*** Opening AVAILABLE RECORDS ***

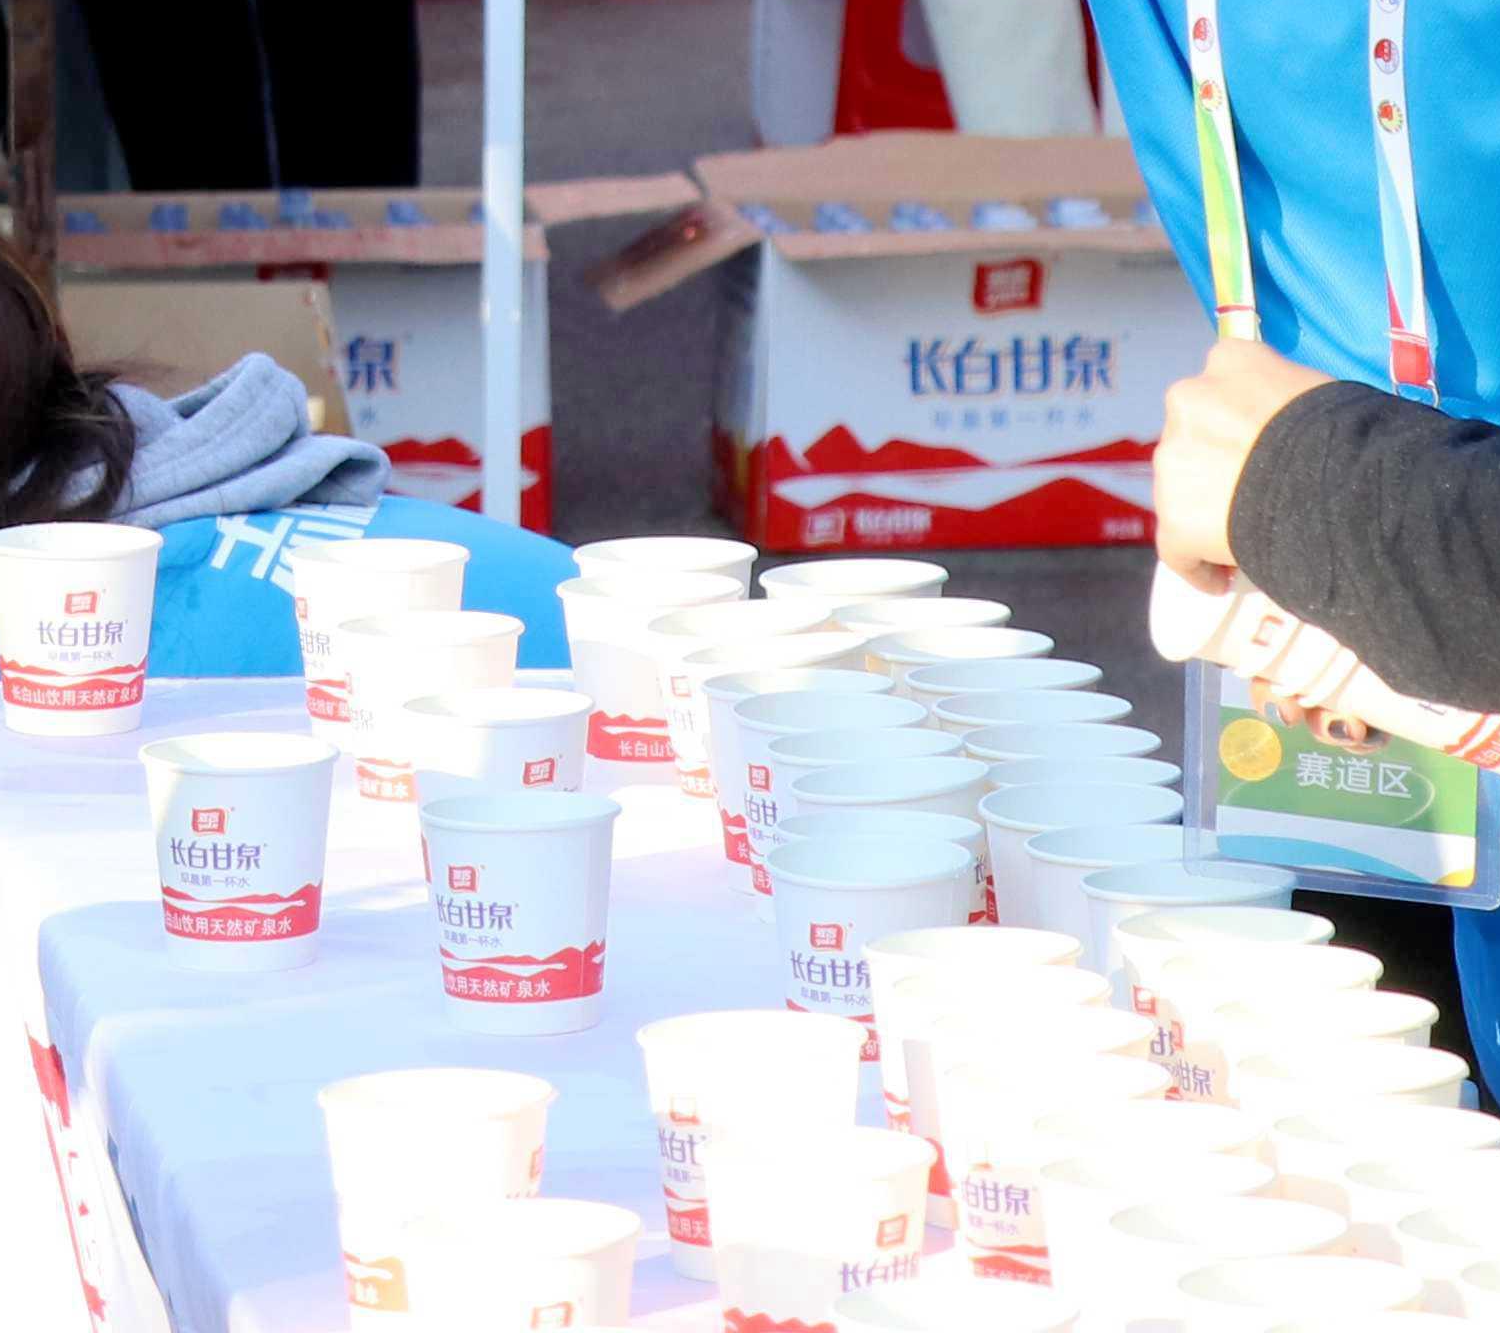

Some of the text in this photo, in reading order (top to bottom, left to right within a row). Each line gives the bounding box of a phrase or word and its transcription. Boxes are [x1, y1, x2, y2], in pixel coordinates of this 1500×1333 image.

[904, 332, 1114, 396] 长白甘泉
[36, 620, 125, 647] 长白甘泉
[10, 684, 139, 707] 长白山饮用天然矿泉水
[1295, 751, 1413, 799] 赛道区
[170, 836, 263, 871] 长白甘泉
[435, 893, 514, 931] 长白甘泉
[790, 949, 872, 989] 长白甘泉
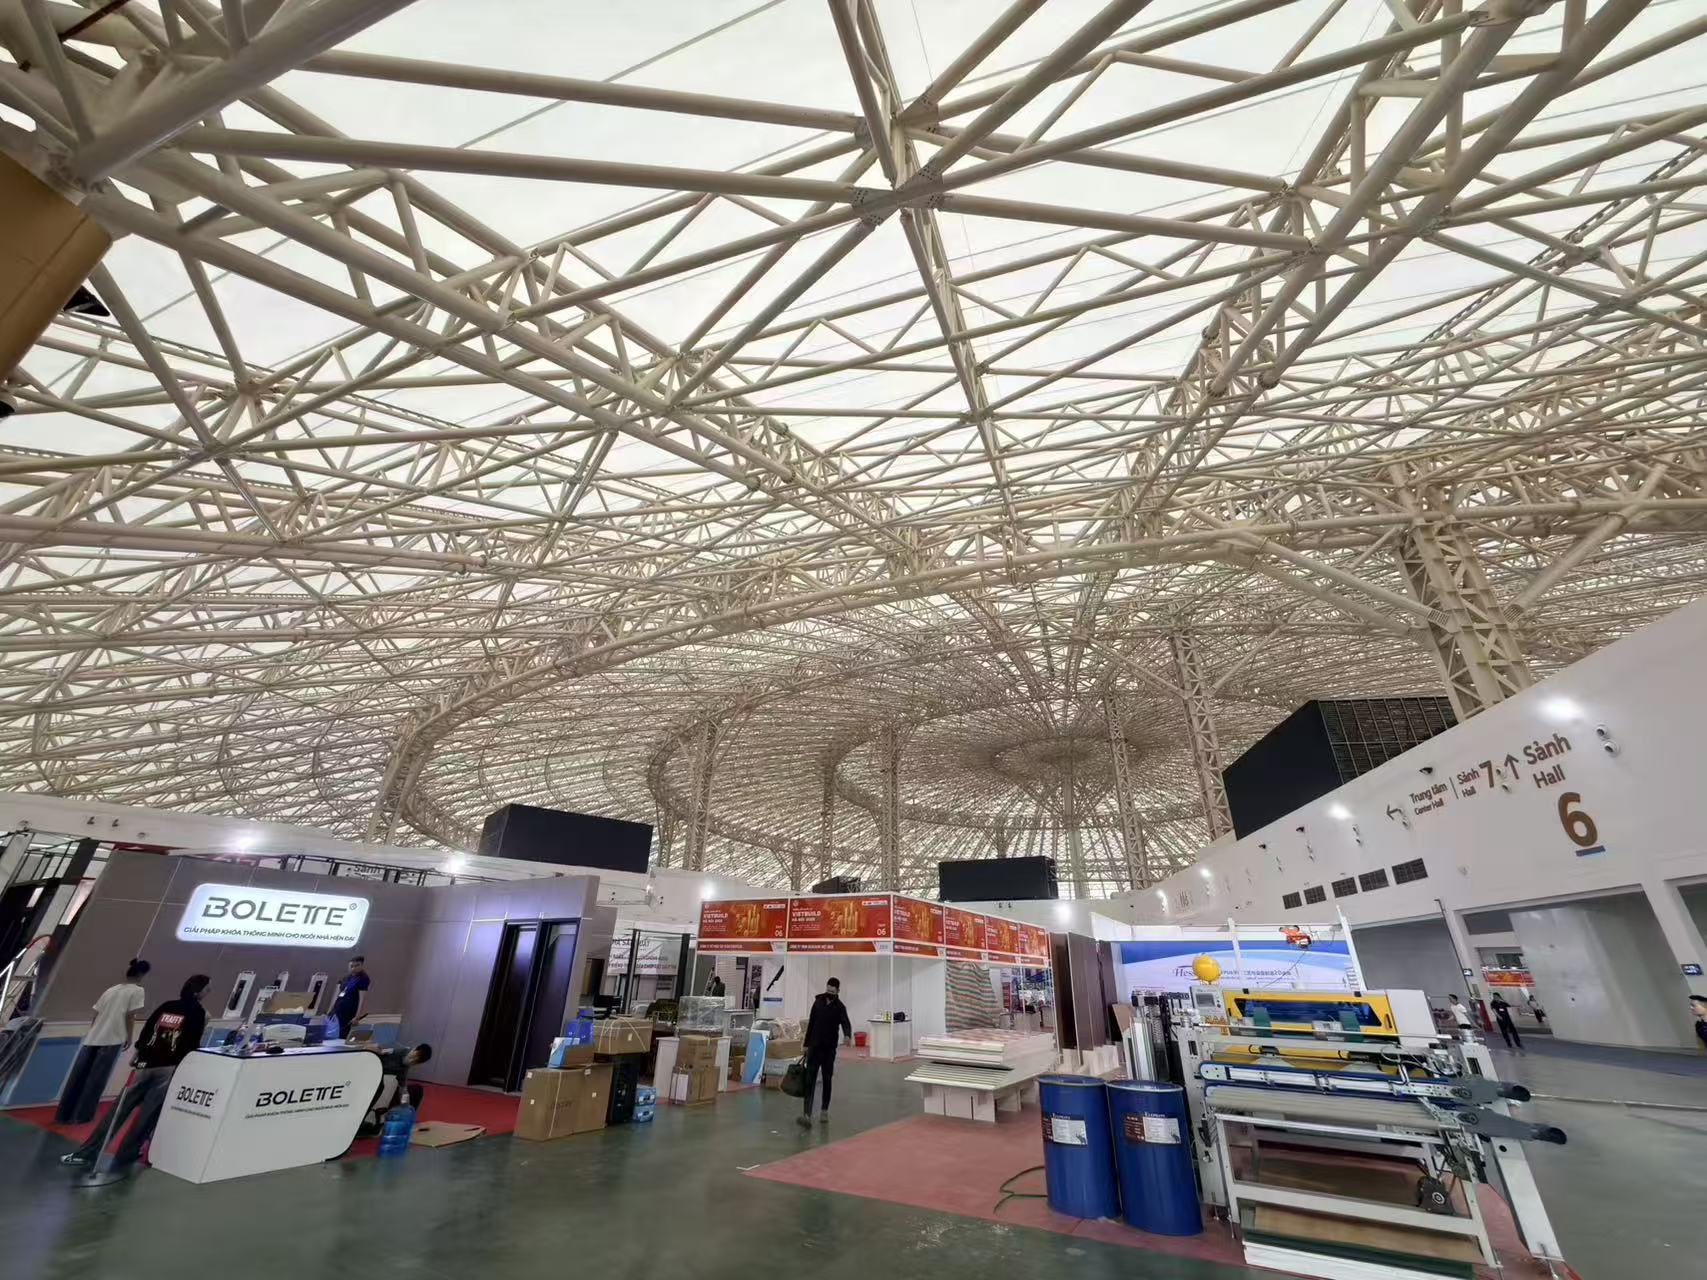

*** Closing AVAILABLE RECORDS ***

WHAT YOU WILL DO
Could you output every entry exactly as written, skipping the pictures?

TASK RESPONSE
Some of the text in this photo, in reading order (top to bottom, left to right within a row). Each line gives the bounding box of a phrase or word and its transcription. Boxes are [x1, y1, x2, y2], in pixel coordinates of this 1500×1333 image.

[904, 332, 1114, 396] 长白甘泉
[36, 620, 125, 647] 长白甘泉
[10, 684, 139, 707] 长白山饮用天然矿泉水
[1295, 751, 1413, 799] 赛道区
[170, 836, 263, 871] 长白甘泉
[435, 893, 514, 931] 长白甘泉
[790, 949, 872, 989] 长白甘泉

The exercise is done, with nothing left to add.